D’après Véronique Massé, fréquenter ces boutiques de vêtements d’occasion peut être une manière d’affirmer ses convictions idéologiques. «Faire ses achats dans les friperies semble devenir peu à peu un acte éthique visant à refuser la consommation de masse et à réduire son impact sur l’environnement», remarque-t-elle. La Gaillarde, située dans le quartier Saint-Henri de Montréal, met ainsi l’accent sur un principe de consommation durable et responsable. Cette boutique, considérée comme un organisme à but non lucratif, vend des vêtements offerts par les clients et des dons provenant d’un centre de tri spécialisé pour ce type d’entreprise. «Magasiner ici rend l’acte de consommation moins dégoûtant, car on n’alimente pas la surconsommation, affirme Marine, une habituée de la boutique. Ça fait plaisir de ne pas être obligé d’aller dans des commerces de grande surface où la musique est trop forte et où il n’y aucune diversité.»

Selon la responsable vintage, cette friperie appuie fortement la mode québécoise en proposant des morceaux créés par des designers locaux afin de refuser la consommation de masse encouragée par les multinationales. «Nous sommes de plus en plus intégrés dans ces géants de l’industrie, surtout pour les achats primaires», rappelle Jean-Marc Fontan.

La Gaillarde possède également une section «écodesigner» regroupant des créations recyclées et faites au Québec. Aux yeux de Véronique Massé, il existe une belle créativité dans la province. «C’est novateur et les matériaux sont intéressants et variés», souligne-t-elle, fière de redonner vie à ces morceaux. Elle souhaite ainsi se dissocier des boutiques de vêtements traditionnelles en misant sur des idéaux écologiques et équitables.

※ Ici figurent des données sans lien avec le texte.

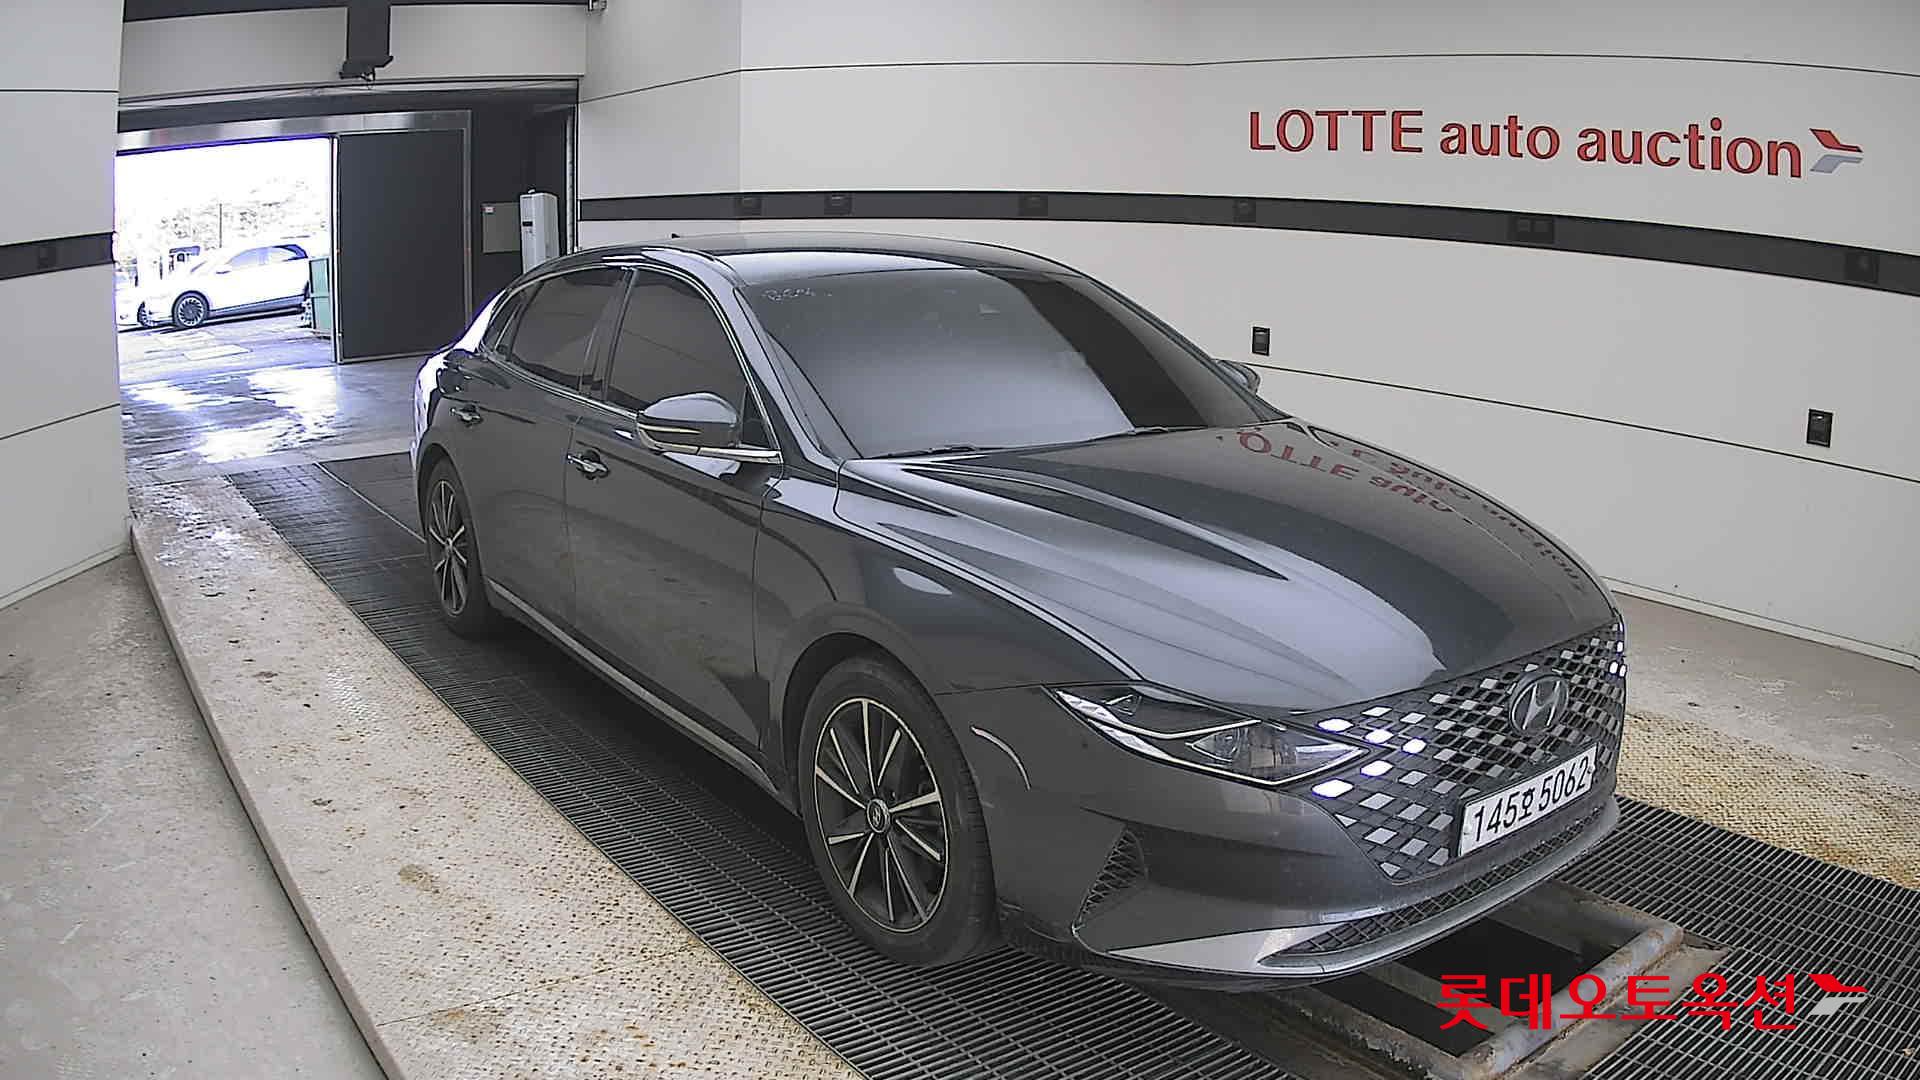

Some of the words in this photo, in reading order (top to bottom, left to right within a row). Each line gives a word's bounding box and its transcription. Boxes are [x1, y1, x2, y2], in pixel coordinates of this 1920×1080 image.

Le concept de la friperie Eva B, située sur la rue St-Laurent, se base sur des principes semblables. Cette boutique désire sensibiliser les gens à la consommation responsable et promouvoir la mode éthique. «On ne veut pas faire de propagande, mais on explique à nos clients que les vêtements usagés sont plus durables et plus écologiques que ceux provenant des commerces traditionnels», fait valoir une employée, Catherine.

Au-delà de la forte volonté écologique et engagée, les friperies sont également courues pour leur côté ludique. «Visiter ce type d’établissement confère un certain plaisir, puisqu’il y a une recherche à faire une fois sur place», souligne Marine. Selon une cliente régulière d’Eva B, Valérie Cossette, «les friperies présentent un éclectisme sans pareil». Pour Véronique Massé, ces entrepôts de vêtements d’occasion sont «de vraies cavernes d’Ali Baba». À son avis, une majorité des clients achetant fréquemment dans ce type de boutique rejettent les commerces dits «normaux» en raison de leur uniformité et de leur manque d’originalité.

Afin de trouver le morceau désiré, il faut explorer un brin, faire de l’archéologie et parfois même littéralement plonger dans une piscine de vêtements, comme chez Eva B. «L’achat devient une action plaisante en soi, ce n’est pas comme dans les magasins traditionnels où tout est trop bien rangé et sans surprise», affirme Valérie Cossette. Pour elle, la popularité des friperies réside dans leur singularité et le plaisir de plonger, tête première, à la recherche du morceau parfait.